* [GIVEN ENTRIES]
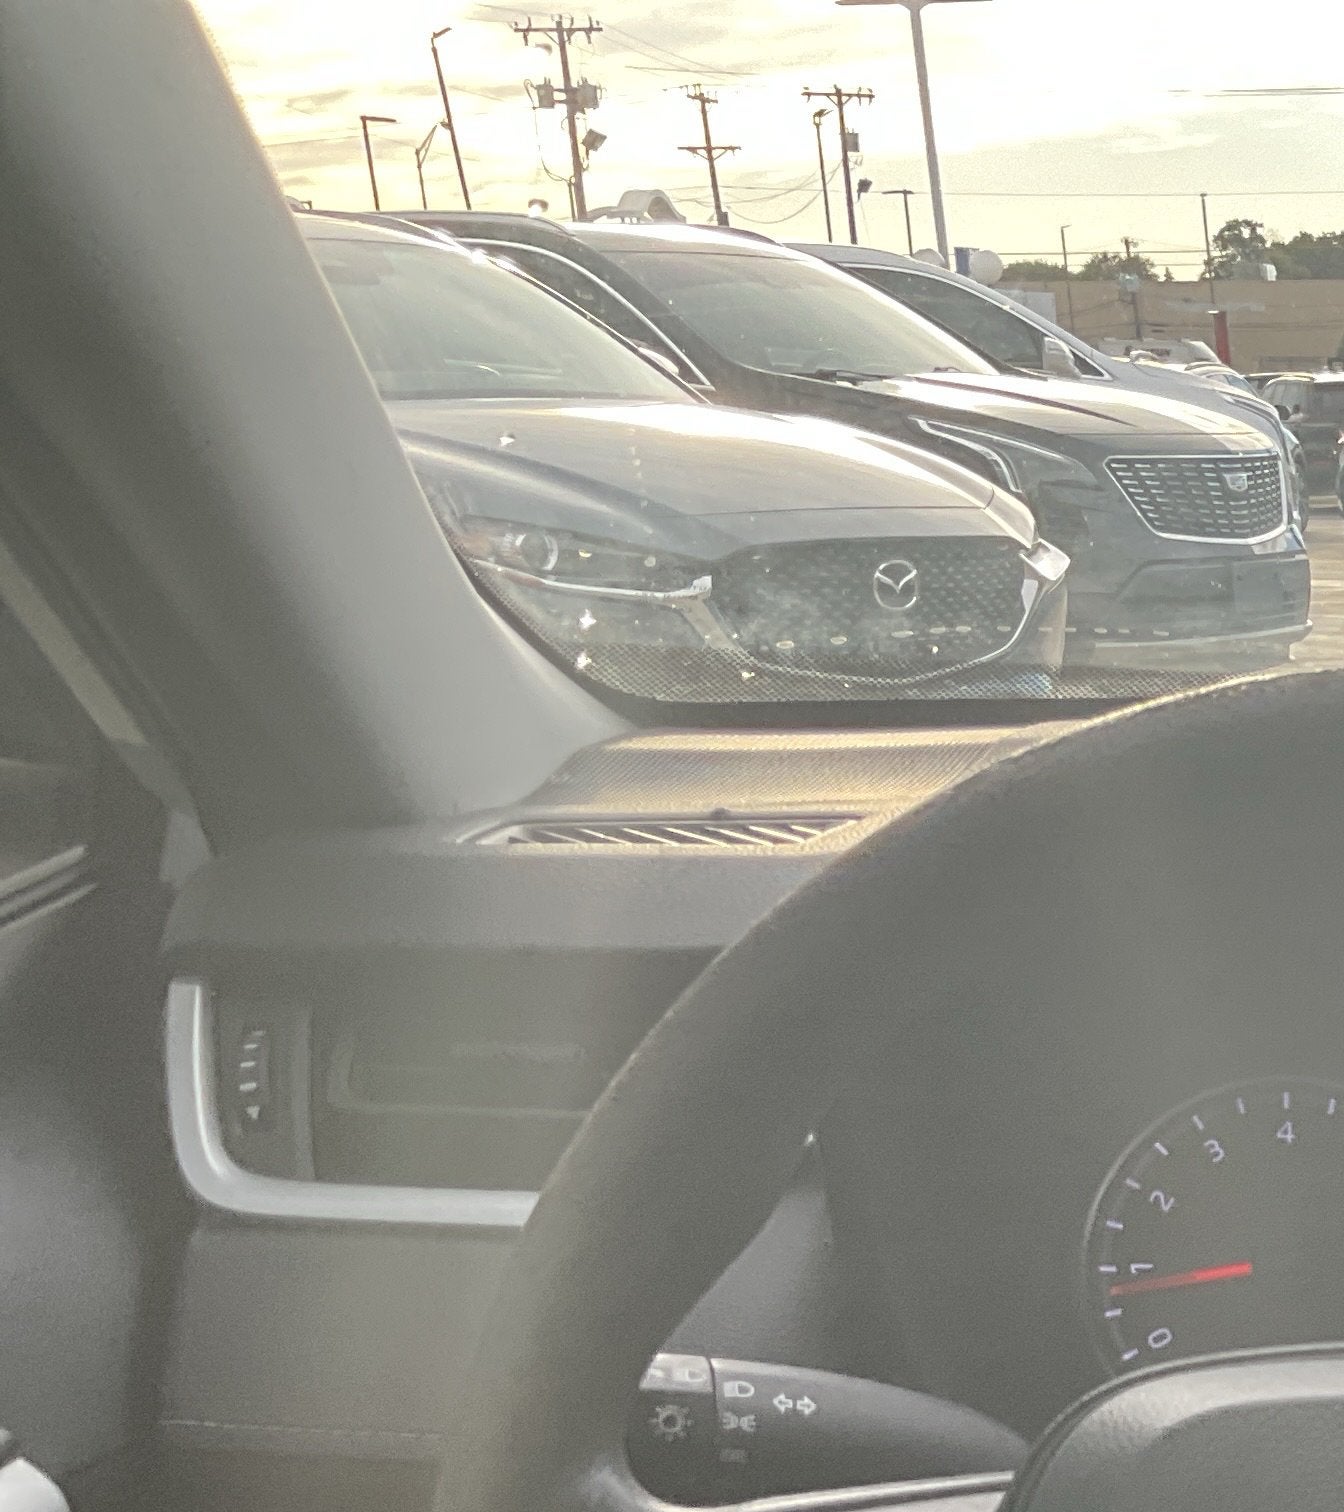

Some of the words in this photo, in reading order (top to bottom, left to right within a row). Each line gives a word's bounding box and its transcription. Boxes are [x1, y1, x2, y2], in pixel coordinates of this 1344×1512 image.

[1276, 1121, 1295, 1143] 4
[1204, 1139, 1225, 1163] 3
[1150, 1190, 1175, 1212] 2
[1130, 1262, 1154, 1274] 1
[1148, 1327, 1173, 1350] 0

* [TASK TO CARRY OUT]
Transcribe the listing in full. Omit the pictures and keep every line exact.

* [TASK SOLUTION]
Some of the words in this photo, in reading order (top to bottom, left to right within a row). Each line gives a word's bounding box and its transcription. Boxes are [x1, y1, x2, y2], in pixel coordinates of this 1344×1512 image.

[1276, 1121, 1295, 1143] 4
[1204, 1139, 1225, 1163] 3
[1150, 1190, 1175, 1212] 2
[1130, 1262, 1154, 1274] 1
[1148, 1327, 1173, 1350] 0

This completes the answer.